WORLD SCHIZOPHRENIA DAY: Victim of madness, illness or stigma?

 WORLD SCHIZOPHRENIA DAY: Victim of madness, illness or stigma?

Surgeon Captain Asif Iqbal Ahmed

Schizophrenia has been a long misunderstood condition to patients, their families, society and remarkably, to many in the medical and psychological fields. Truly an illness without borders, it has 1-4% lifetime prevalence. Of worldwide 25 million cases, it is estimated that there are 4.7-8 million cases in India of which 40-50% are untreated.

What is schizophrenia?

Eugene Bleuler in 1911 coined the term “schizophrenia” (splitting of the mind) to denote a long-term mental disorder of a type involving a breakdown in the relation between thought, emotion and behavior. Common experiences include:

  • Hallucination: hearing, seeing or feeling things that are not there.
  • Delusion: fixed false beliefs or suspicions not shared by others in the person’s culture and that are firmly held even when there is evidence to the contrary.
  • Abnormal behaviour: disorganised behaviour such as wandering aimlessly, mumbling or laughing to self, strange appearance, self-neglect or appearing unkempt
  • Disorganised speech; incoherent or irrelevant speech
  • Disturbances of emotions: marked apathy or disconnect between reported emotion and what is observed such as facial expression or body language

Course of the illness and relapses

Characteristically, symptoms begin in adolescence as a prodrome such as vague somatic complaints, fatigue and excess interest in philosophy, abstract ideas, occult or religious questions. These may carry on for months or a year and go unrecognised. Social or environmental changes such as going away to college or marijuana use may mark the onset of overt psychotic symptoms described above.

After the first psychotic episode, a patient gradually recovers and may function relatively normally for some time. Then they usually relapse with more severe symptomatology and further deterioration in baseline functioning follows each relapse. Unfortunately, each relapse leaves the brain damaged, person is less responsive to treatment and worsens the prognosis. Also, the longer the first episode is untreated the worse is the outcome.

Impact of the illness

Schizophrenia is chronic but not immediately fatal illness. It is listed as the eighth leading cause of DALYs (disability adjusted life years) worldwide in the age group 15-44 years, according to the WHO.

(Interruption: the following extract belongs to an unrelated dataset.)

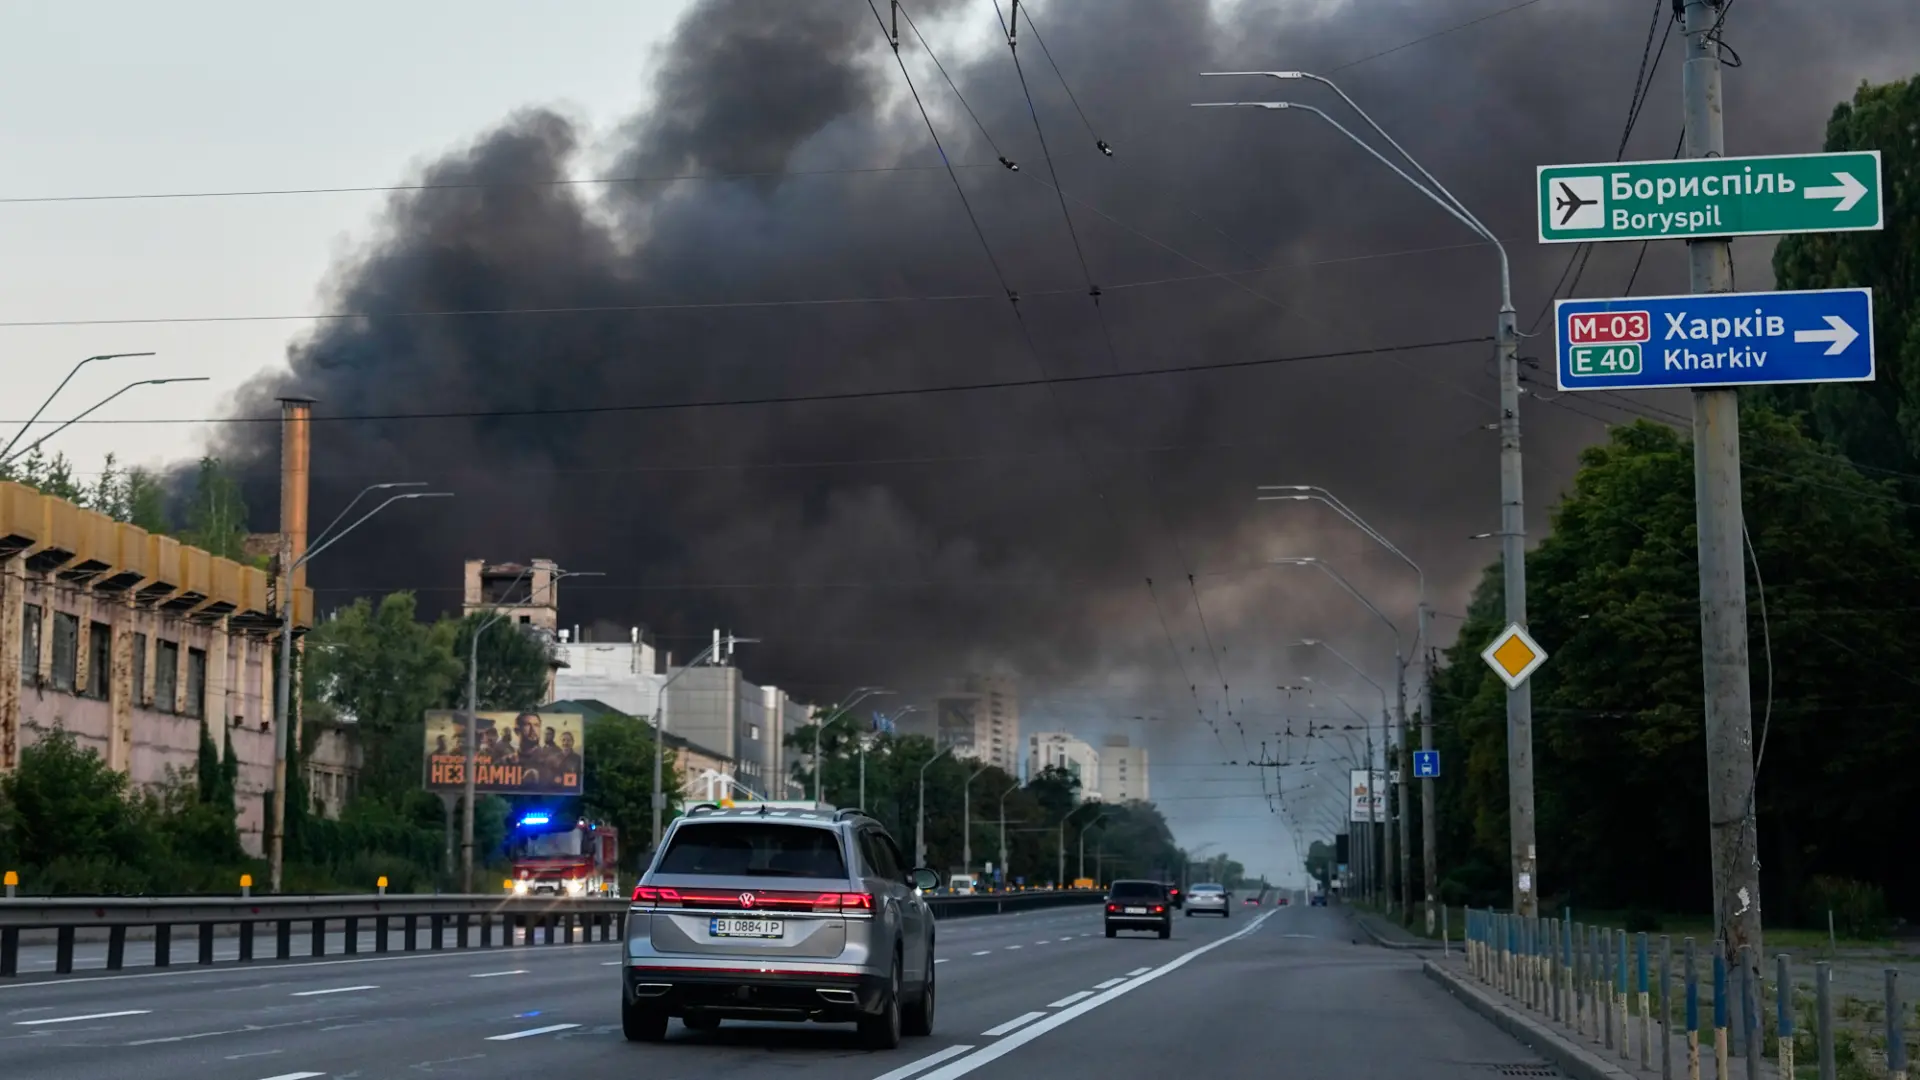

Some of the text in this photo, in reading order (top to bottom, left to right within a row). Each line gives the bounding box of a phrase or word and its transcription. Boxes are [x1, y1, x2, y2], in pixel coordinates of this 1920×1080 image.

The occurrence of suicide in schizophrenics is abnormally higher than other mental illness disorders.

Substance abuse is another common complication and people with schizophrenia are at increased risk for substance abuse.

Barriers to help/ recovery

These factors cause delay in receiving early and appropriate treatment which could potentially alter the lifetime outcome favourably –

Mental Health Resources in India are limited, just around 4500 psychiatrists are available for over a billion people.

Pathways to care/ referral The first point of contact for treatment in India is magico- religious in 65% cases as this is socially sanctioned.

Stigma Attitudes against the illness and medications (as addicting/ sedating)

Families Many times the families are against treatment, already having learnt to cope with the untreated state.

Is there a cause for hope or is it a lost cause?

The advent of antipsychotic medication supports a more optimistic prognostic picture, although schizophrenia is always a serious disease. Early intervention and early use of new medications lead to better medical outcomes.

The treatment goals for the moment are to identify the illness as early as possible, treat the symptoms, provide skills to patients and their families, maintain the improvement over a period of time, prevent relapses and reintegrate the ill persons into the community so that they can lead as normal a life as possible. Many people with schizophrenia recover to the point of living functional and rewarding lives in their communities.